Funding has fallen to £2.5m from £15m in 2020, UNAIDS said.
It is the latest in a drip-drip of revelations about the impact of Boris Johnson‘s decision last November to reduce the UK spending target for overseas aid to 0.5% of national income from 0.7% in the face of fierce opposition from MPs and aid agencies.
The drop translates into a reduction of more than £4bn in the overseas aid budget.
The government has said the "seismic impact" of the pandemic forced it to take "tough but necessary" decisions. It remains one of the world’s largest overseas aid donors.
News that global efforts to combat AIDS and HIV would be affected by the cuts triggered an outcry among campaigners, in particular as they come in the year when Britain takes a lead role on the world stage, hosting a G7 summit of powers and a UN climate change summit.
UNAIDS said the cut is "significant", adding: "It affects the provision of live-saving HIV prevention and treatment services around the world.
"It affects the empowerment of young women and adolescent girls and their access to sexual and reproductive health and rights across the world, and Africa in particular.
"It impacts on support to upholding the human rights of some of the most marginalised people, including lesbian, gay, bi-sexual, transgender, queer and intersex people in low- and middle-income countries. It reduces global health security.
"UNAIDS recognises the challenging situation facing many governments, yet deeply regrets this decision of our longstanding partner and advocate. We are assessing the full scope and impact of the cut and are actively formulating mitigation strategies.
"The UK government has said the decision does not reflect a diminished commitment to UNAIDS or the HIV response. UNAIDS will continue working with the UK and partners to explore ways to ensure continuity and predictability of funding to sustain the hard-won gains in the fight against HIV and to end AIDS as a public health threat by 2030."
Saoirse Fitzpatrick, advocacy manager at STOPAIDS, a network of some 70 organisations, said: "These shameful cuts to HIV funding risk abandoning the UK’s leadership and influence within the HIV response at a pivotal moment.
"These cuts will hit the most marginalised communities around the world hardest. It threatens to undo decades of progress made in the HIV response that UK Aid has made possible.
"With 690,000 people dying from an AIDS-related illness each year, the UK government must urgently change tack and protect its funding for UNAIDS and other organisations doing vital work in the HIV response."

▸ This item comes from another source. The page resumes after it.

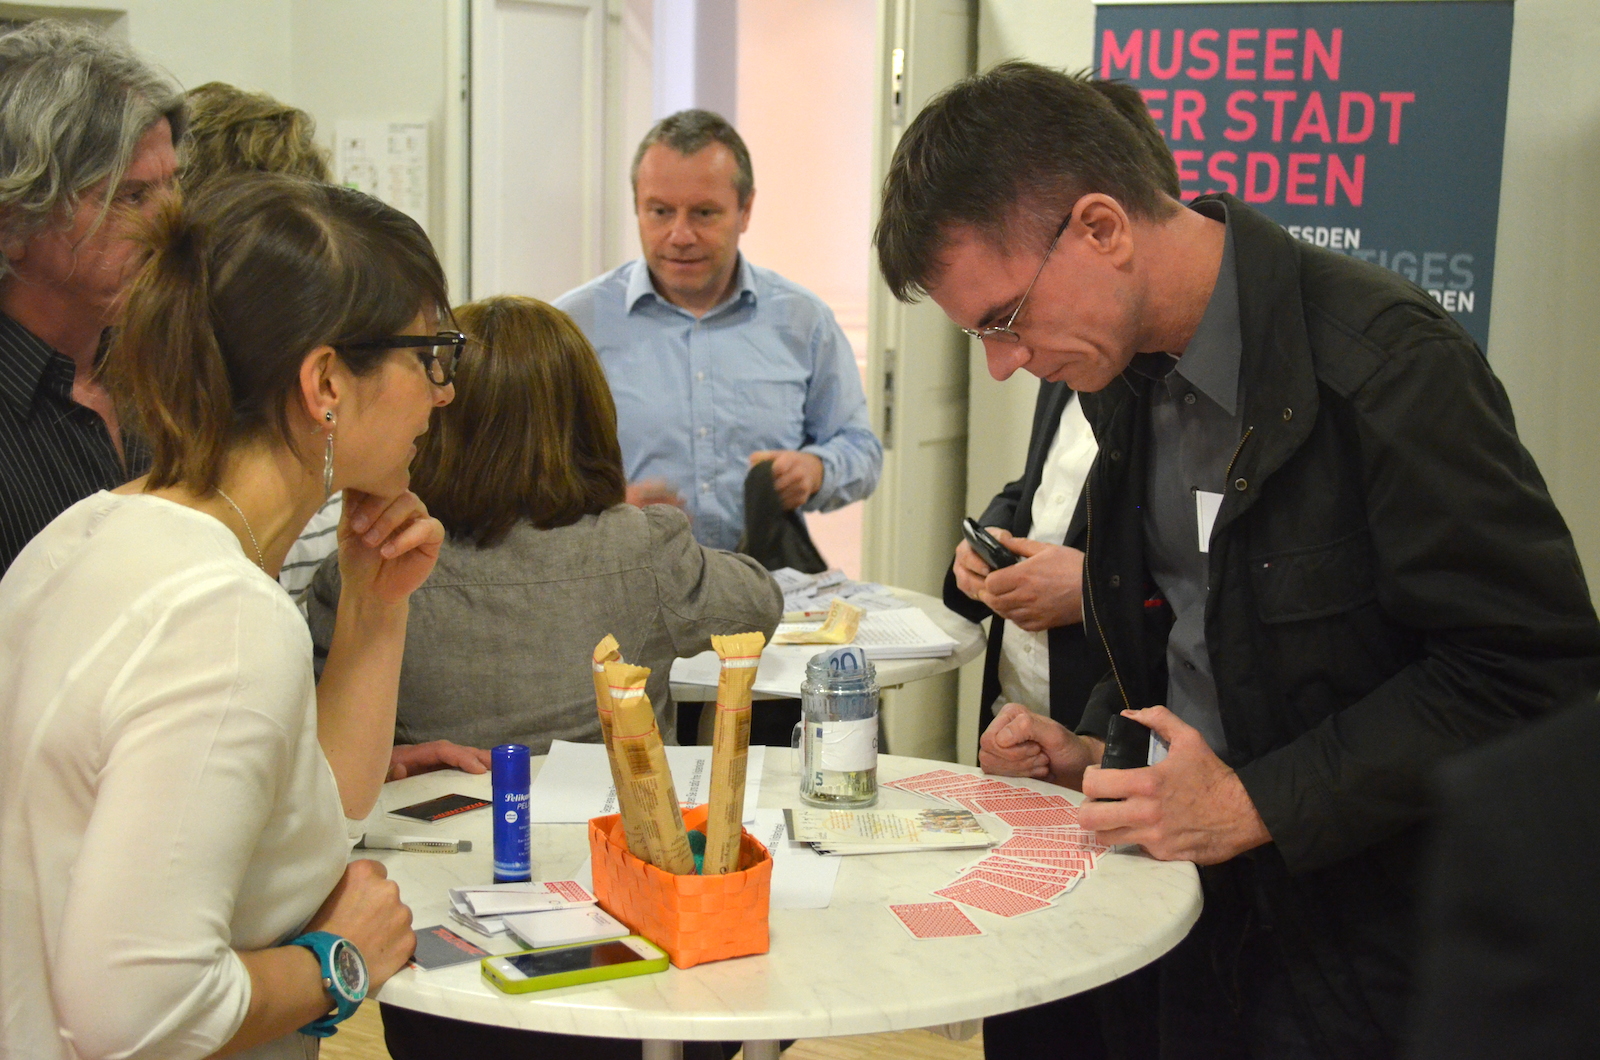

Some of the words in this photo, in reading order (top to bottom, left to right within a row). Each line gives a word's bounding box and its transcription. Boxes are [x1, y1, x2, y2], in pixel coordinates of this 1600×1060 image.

Christine Stegling, executive director at the charity Frontline AIDS, said: "For the first time in decades, there is a very real threat of hard-won progress on HIV and AIDS going into reverse.
"These cuts by the UK government will actively increase that risk, setting the stage for a surge in HIV rates and AIDS deaths across many countries.
"The UK government might also reflect on the fact that HIV, much like COVID-19, doesn’t recognise borders. An increase in rates in any country should and will eventually become an issue for every country. A maddeningly short-sighted decision."
The cuts in UK funding to UNAIDS were first reported by Will Worley, a journalist for the website Devex, which covers the global development sector.